The Wholeness of Work

Modern work lacks a sense of “wholeness”. At least this is how I feel designing software in corporates. What I design is only parts: a component, a flow, or a feature of a product. That particular product however, is not my design. There’s nothing adequately complete that I can claim as of my making.

This is distinct from some traditional creative activities such as writing, composing, and painting. Even though there might be team sport involved in production and distribution, the authorship in these activities is unambiguous—unambiguous in the sense that had the author not existed, the work would not exist either (or become entirely different).

While in corporate design, the authorship is so distributed that no one makes a critical difference and almost anyone can be replaced without any significant impact on the outcome. This holds true at least for individual makers, if not managerial positions—a concession that is pathetic to make. Granted, the loss of wholeness in the context of software design is in part due to the virtuality and impermanence of software that make it infinite in space and time. But I’d like to speak of wholeness in a broader term.
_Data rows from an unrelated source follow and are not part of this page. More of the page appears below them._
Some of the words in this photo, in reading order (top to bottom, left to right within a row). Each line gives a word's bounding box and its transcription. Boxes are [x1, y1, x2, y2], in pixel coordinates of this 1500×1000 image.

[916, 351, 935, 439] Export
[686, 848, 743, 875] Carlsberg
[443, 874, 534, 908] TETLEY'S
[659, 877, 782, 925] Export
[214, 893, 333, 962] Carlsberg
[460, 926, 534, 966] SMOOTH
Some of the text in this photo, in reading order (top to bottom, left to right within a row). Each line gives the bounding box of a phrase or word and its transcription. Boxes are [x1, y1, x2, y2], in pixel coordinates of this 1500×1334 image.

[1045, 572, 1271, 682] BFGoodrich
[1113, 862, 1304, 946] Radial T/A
The wholeness of work simply means one person makes a complete thing on her own. She is solely responsible for the full process of creation, from the emergence of ideas to the fulfillment in forms to the final production.
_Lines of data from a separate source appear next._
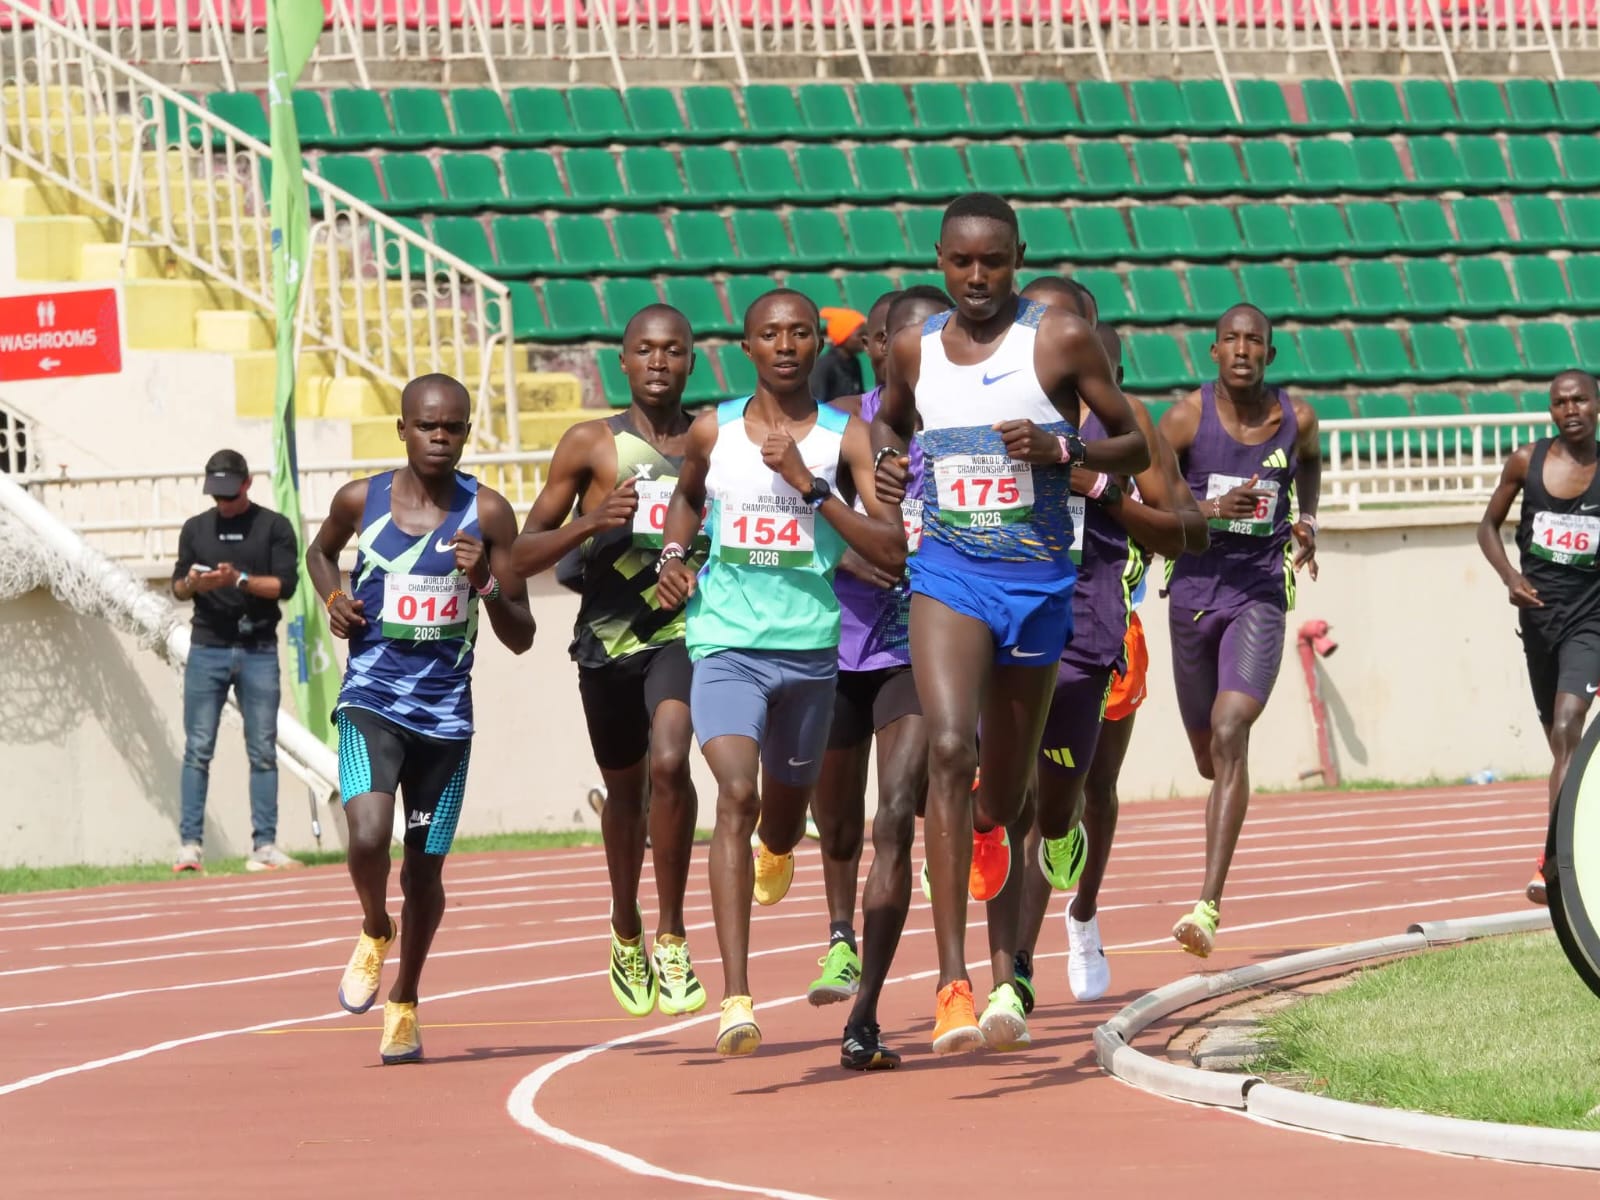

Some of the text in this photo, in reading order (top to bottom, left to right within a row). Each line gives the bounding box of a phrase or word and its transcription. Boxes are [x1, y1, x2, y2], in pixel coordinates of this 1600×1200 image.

[0, 328, 97, 352] WASHROOMS
[971, 456, 994, 464] WORLD
[957, 465, 1005, 474] CHAMPIONSHIP
[1006, 463, 1030, 473] TRIALS
[950, 477, 1020, 507] 175
[758, 495, 797, 505] WORLD U-20
[742, 503, 790, 514] CHAMPIONSHIP
[791, 505, 813, 515] TRIALS
[970, 511, 1002, 527] 2026
[733, 515, 801, 546] 154
[1228, 520, 1253, 535] 2026
[1543, 527, 1590, 552] 146
[749, 550, 779, 566] 2026
[408, 583, 453, 593] CHAMPIONSHIP
[423, 576, 444, 585] WORLD
[398, 595, 459, 622] 014
[414, 627, 441, 640] 2026
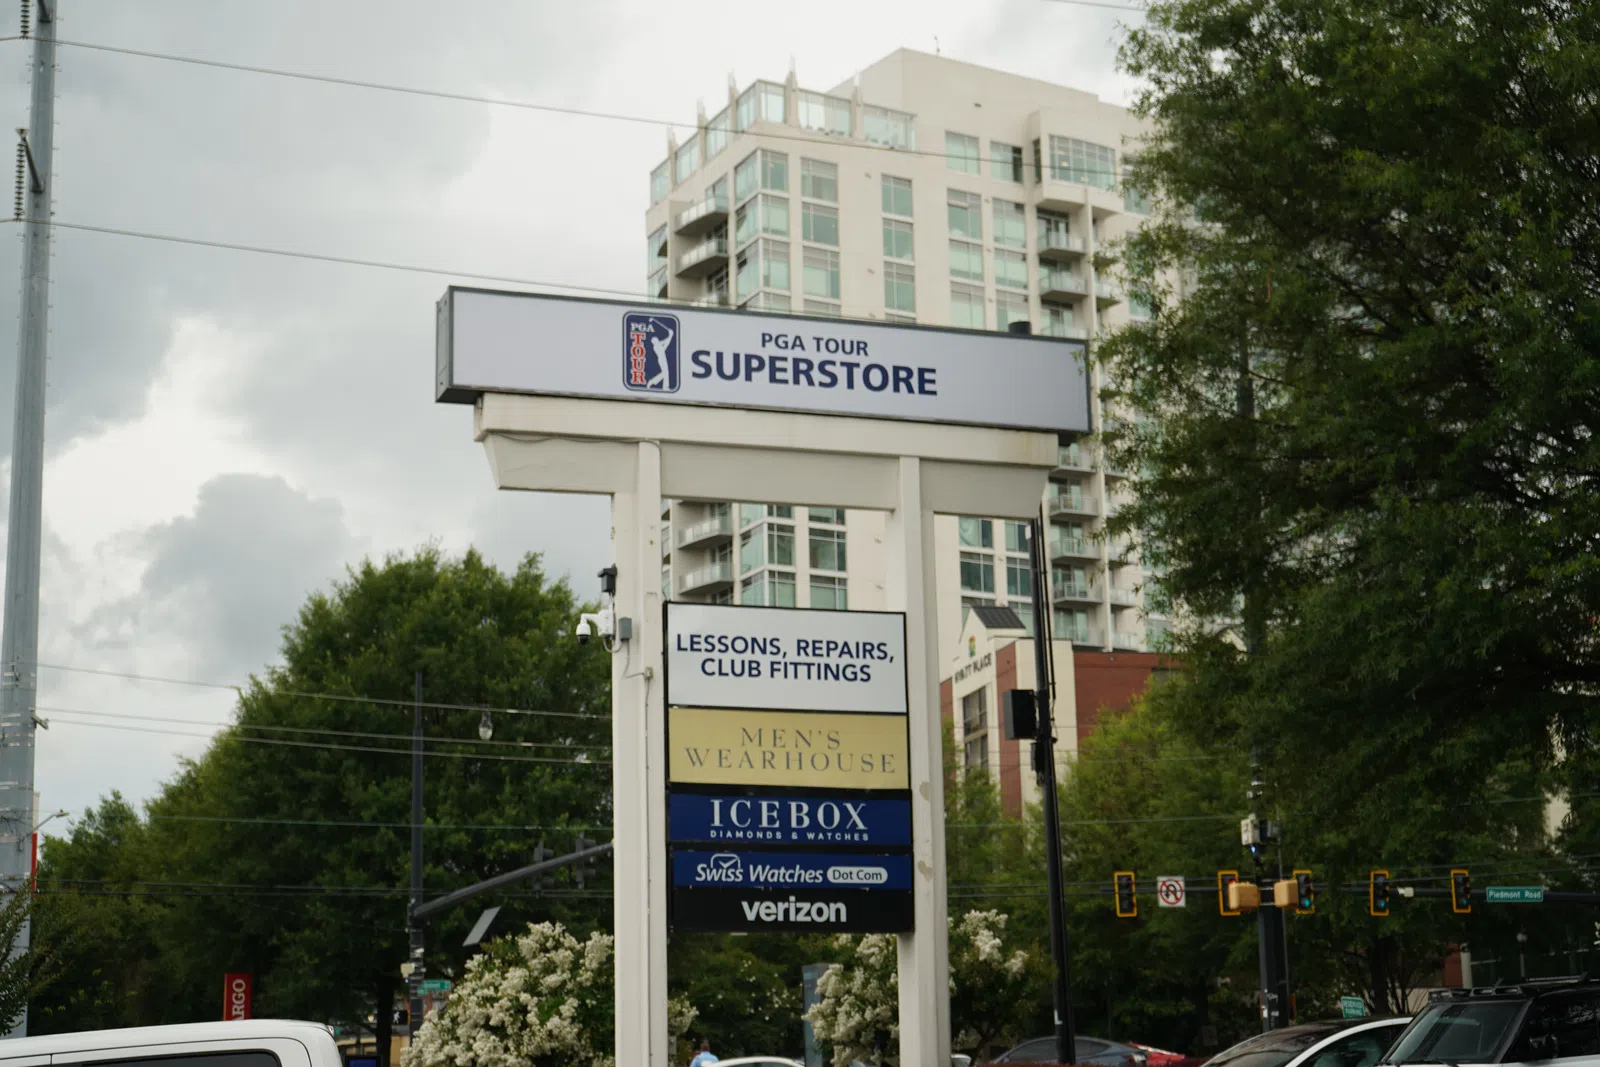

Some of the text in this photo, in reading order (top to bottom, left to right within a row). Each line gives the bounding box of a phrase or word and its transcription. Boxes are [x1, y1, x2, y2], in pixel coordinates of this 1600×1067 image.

[630, 322, 655, 333] PGA
[761, 332, 868, 357] PGA TOUR
[631, 332, 647, 385] TOUR
[691, 350, 937, 396] SUPERSTORE
[676, 633, 894, 664] LESSONS, REPAIRS,
[701, 658, 872, 682] CLUB FITTINGS
[740, 727, 841, 750] MEN'S
[685, 747, 896, 774] WEARHOUSE
[710, 799, 868, 830] ICEBOX
[710, 829, 869, 841] DIAMONDS & WATCHES
[695, 862, 882, 883] Swiss Watches Dot Com
[1489, 889, 1541, 899] Piedmont Road
[741, 896, 847, 922] verizon
In fact, there can be little to no “idea” involved. The wholeness doesn’t necessarily limit to fields with great creative latitude, but can be found in any craft work such as pottery, sewing, or woodworking. Taken to the most extreme, even the instruction-following Lego-building resembles the process of creation and exemplifies (in limited respects) our psychological inclination for the wholeness of work.

A person cannot help but feel something ineffable by working with her hands. Through directly playing with basic materials she obtains a tacit understanding of their qualities, or rather her hands feel their qualities. In such a conversation she breathes life into materials and brings forth something tangible. Whereas before there’s nothing, now there’s something. One not only gains a sense of achievement but more acutely she feels herself alive to the fullest.

On a lower level, this sentiment is no different from a toddler’s ecstasy when she makes a sound out of a toy and realizes her action indeed has an impact on the world. On a higher level, this inexplicable satisfaction is the freedom and agency experienced by the working man whom Hannah Arendt calls “homo faber” (Latin for “man the maker”):

Homo faber is indeed a lord and master, not only because he is the master or has set himself up as the master of all nature but because he is master of himself and his doings. ..Alone with his image of the future product, homo faber is free to produce, and again facing alone the work of his hands, he is free to destroy.

It won’t be long until one realizes that her work defined in this way is naturally limited in scale as the wholeness of it repels mass production. However, it is important to distinguish the scale of production and the scale of influence. A common sense is that the limited scale of production circumscribes the scale of influence: if you want to reach more audience you will need more people, more processes, and more structure—you will need to scale1. This in some respect is true, but hardly comprehensive.

First of all, it’ll be only a mistake to assume large impact as a universal desire. The answer to “what kind of scale do I work well with?” varies for each individual. For instance, Craig Mod mentions in an interview how making a meta-book about the team’s app-making process moved him so much more than making the app itself (despite its success):“I realized in that moment that scale is secondary to grace or movement.” He poignantly delivers this inquiry for the rest of us to ponder:

Does affecting one hundred lives turn you on? A thousand? A million? A billion? Why? What does it mean to have a positive impact on a life? How intimate does that connection need to be? Understanding your scale—the scale that moves you—is critical to understanding with whom and how you should work, how you should live.

Second, it should be no longer a surprise in our time that one person or a small group of people can have a disproportionate impact. Look no further than the podcasters and YouTubers who bring joy and knowledge to people all over the globe. It is not a savior narrative where a few elites “make the world a better place” for the rest of us, but a narrative of plurality and locality—many distributed small groups around the world change their local communities2 for the better. Few people, scoped influence, but with multiplication.

It might be hard to conceive a satisfactory alternative to the gloomy reality, but should we not forget sometimes it’s worthwhile to break away from making a small part of a big thing (presumably with many people), instead to make a small yet complete thing on our own either for self-satisfaction or however niched a group of audience—just to experience that individual agency, autonomy, and sovereignty in the wholeness of work.


  1. Funny that even though technically you can scale up or down, when we use the word scale alone it usually means scale up (as in “we need to scale the business”) or large scale (as in “economy of scale”).

  2. Of course, with internet the locality no longer needs to be geographical.